■ EXERCISE DIRECTIONS
Copy the listing exactly, images excluded.

/---

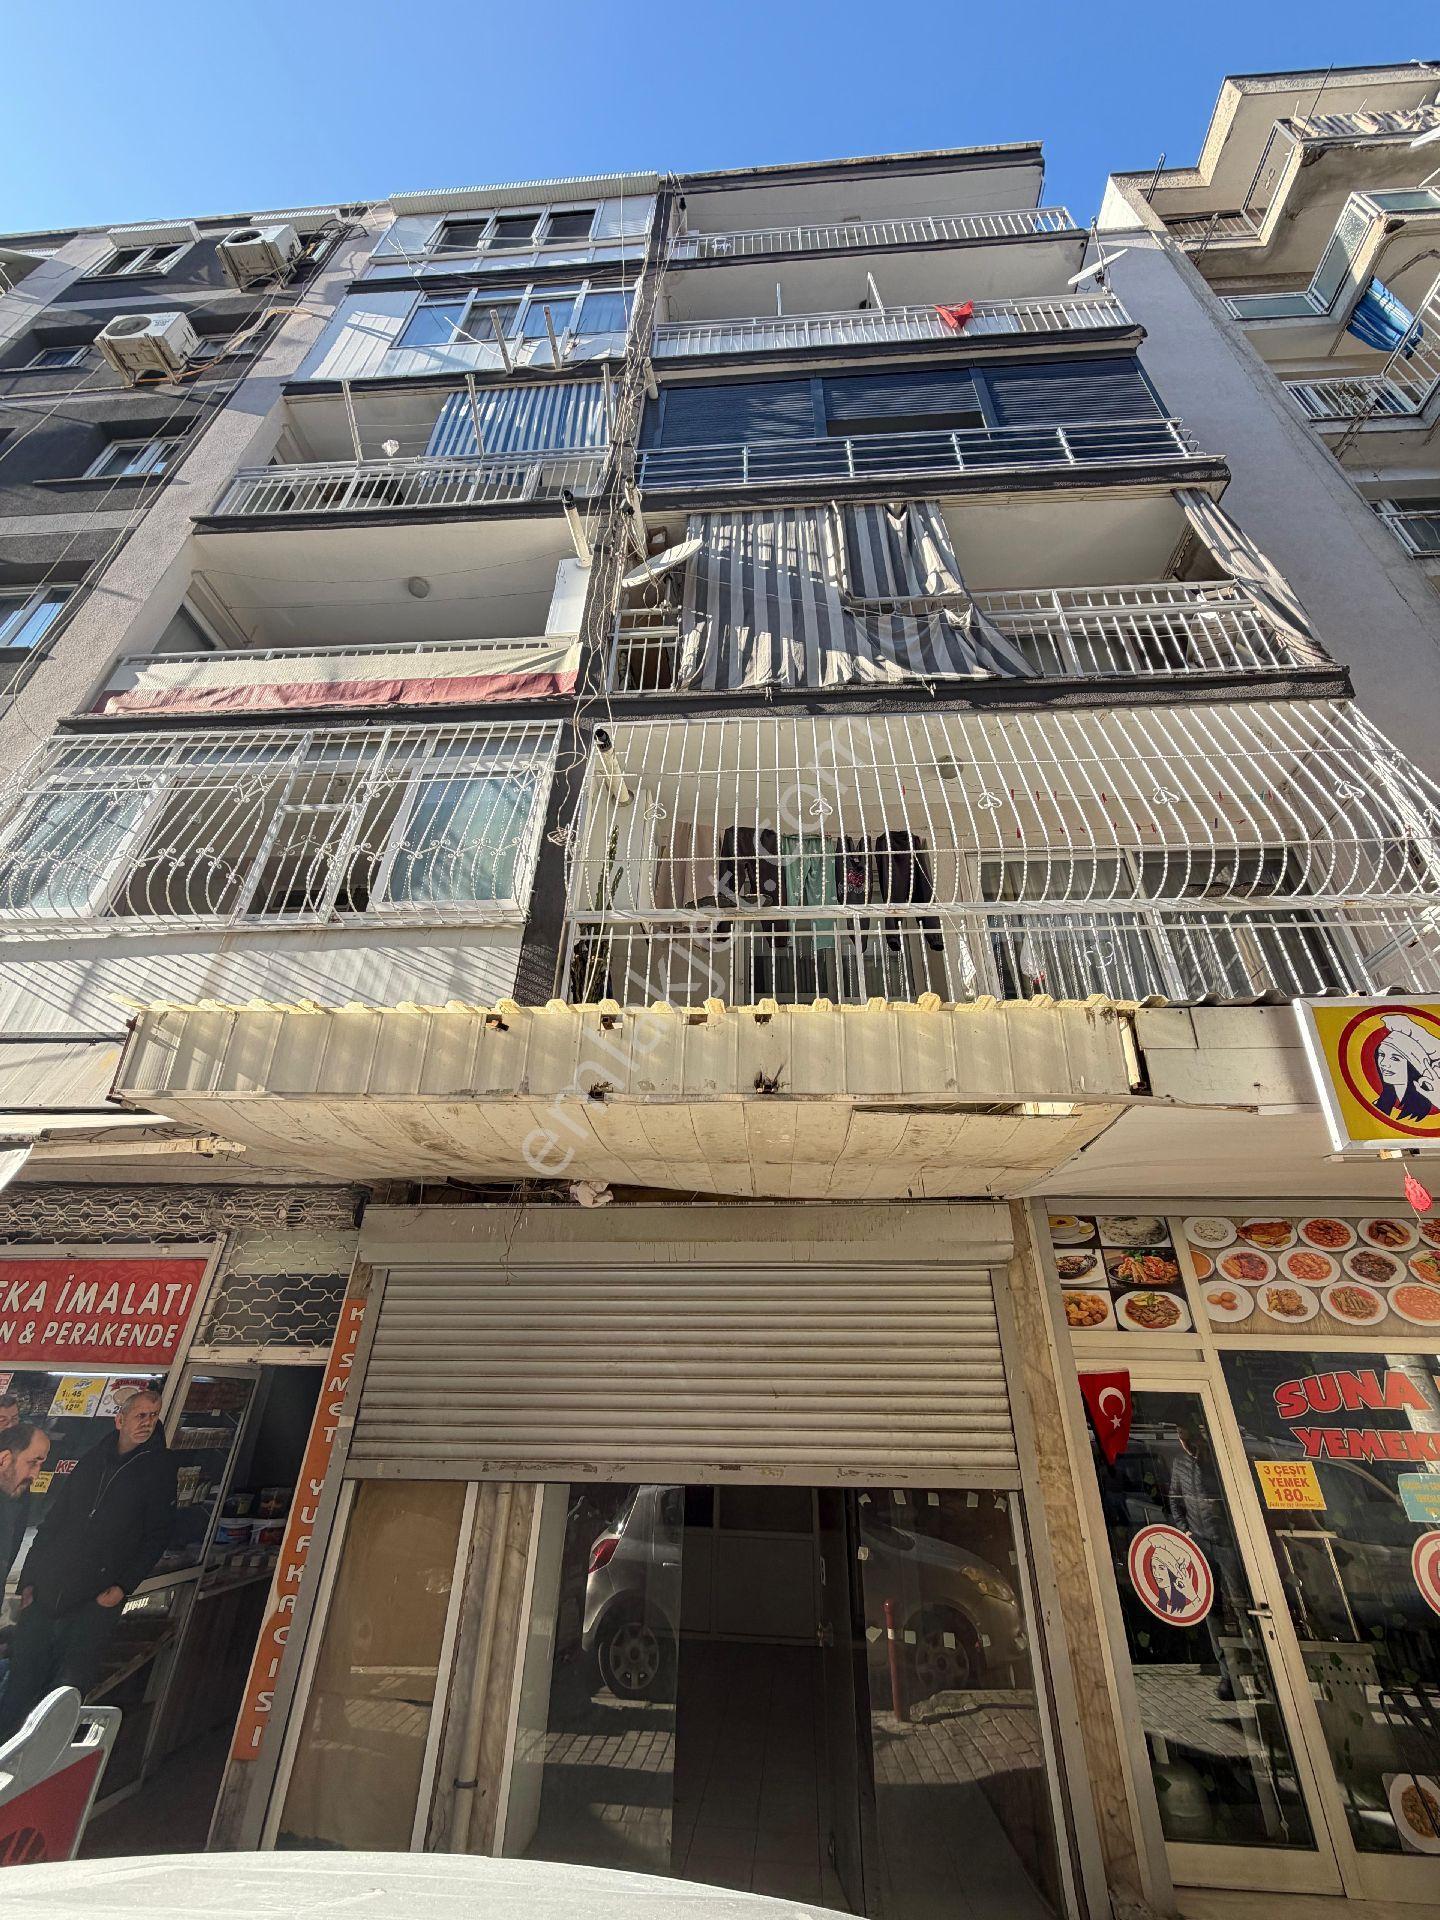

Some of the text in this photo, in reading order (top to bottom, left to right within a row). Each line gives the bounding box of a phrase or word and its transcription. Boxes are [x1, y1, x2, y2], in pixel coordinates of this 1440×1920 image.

[54, 1273, 193, 1316] İMALATI
[18, 1320, 36, 1345] &
[40, 1321, 179, 1347] PERAKENDE
[1273, 1369, 1434, 1420] SUNA
[1263, 1462, 1307, 1477] 3 ÇEŞİT
[1268, 1477, 1310, 1488] YEMEK
[1274, 1488, 1304, 1502] 180
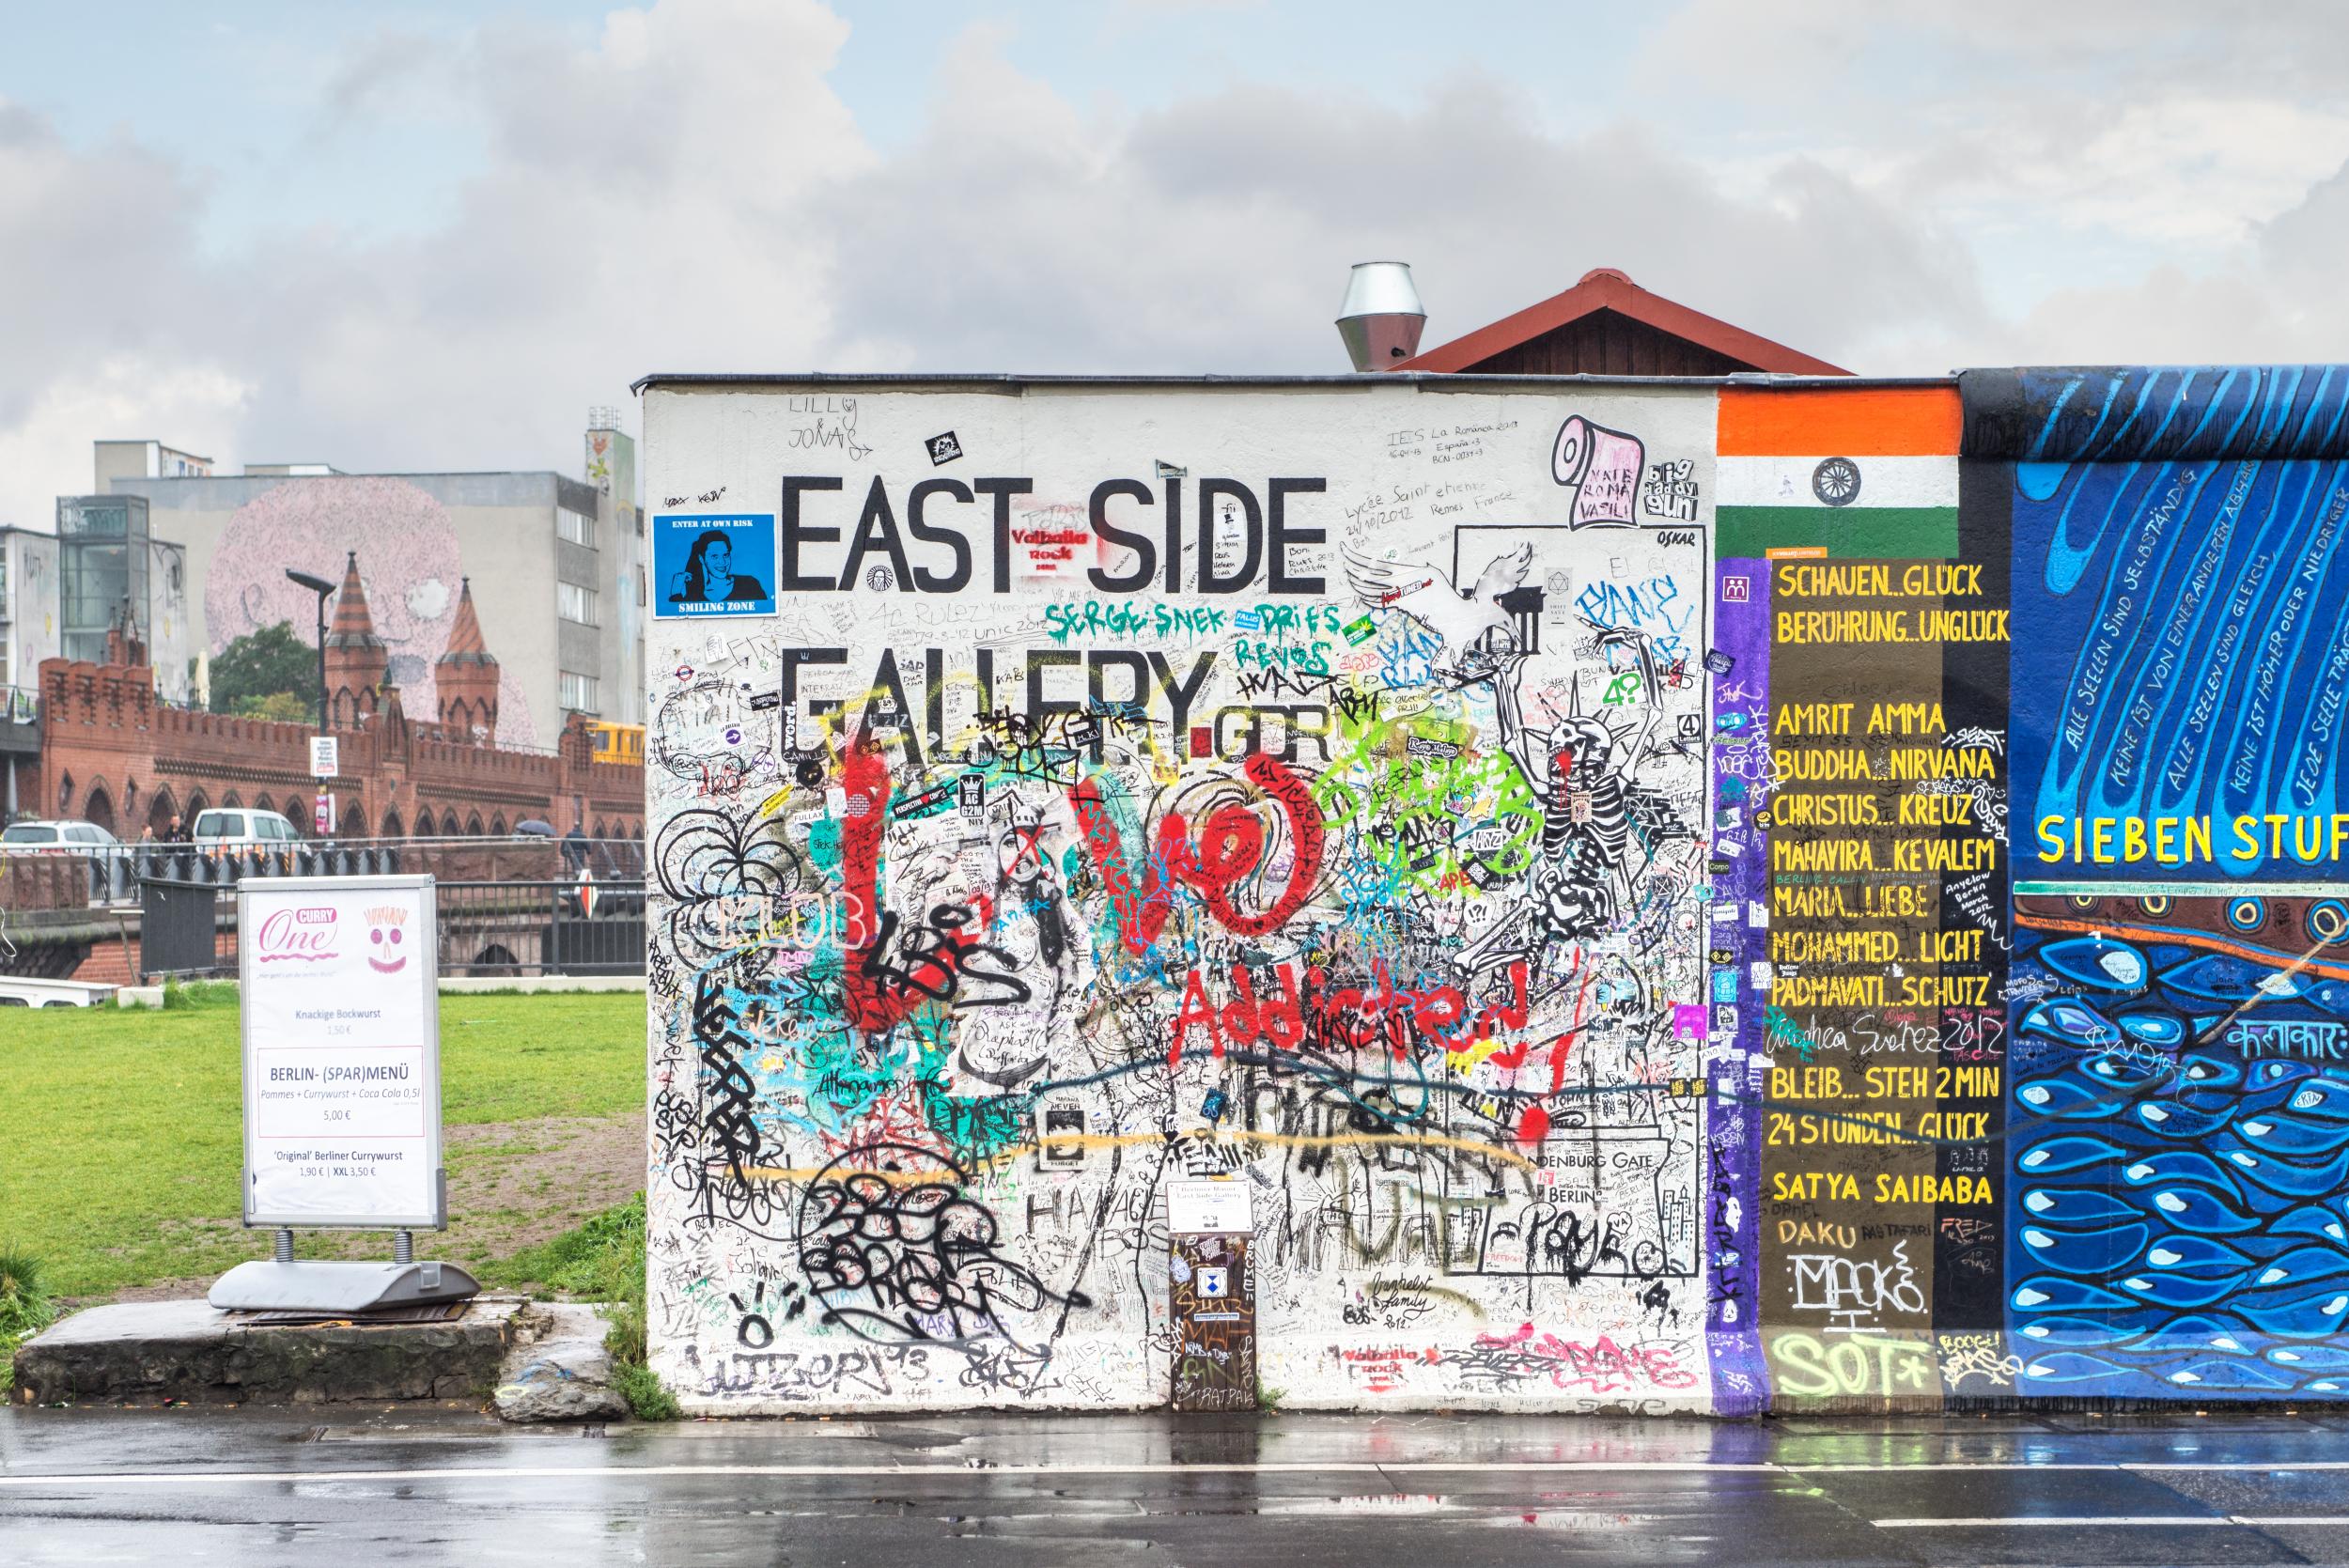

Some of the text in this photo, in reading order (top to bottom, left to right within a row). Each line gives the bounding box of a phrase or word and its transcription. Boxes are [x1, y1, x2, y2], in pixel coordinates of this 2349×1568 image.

\---

■ EXERCISE ANSWER
Some of the text in this photo, in reading order (top to bottom, left to right within a row). Each line gives the bounding box of a phrase or word and its transcription. Boxes are [x1, y1, x2, y2], in pixel coordinates of this 1440×1920 image.

[54, 1273, 193, 1316] İMALATI
[18, 1320, 36, 1345] &
[40, 1321, 179, 1347] PERAKENDE
[1273, 1369, 1434, 1420] SUNA
[1263, 1462, 1307, 1477] 3 ÇEŞİT
[1268, 1477, 1310, 1488] YEMEK
[1274, 1488, 1304, 1502] 180

Some of the text in this photo, in reading order (top to bottom, left to right within a row). Each line gives the bounding box of a phrase or word and its transcription. Boxes are [x1, y1, x2, y2], in pixel coordinates of this 2349×1568 image.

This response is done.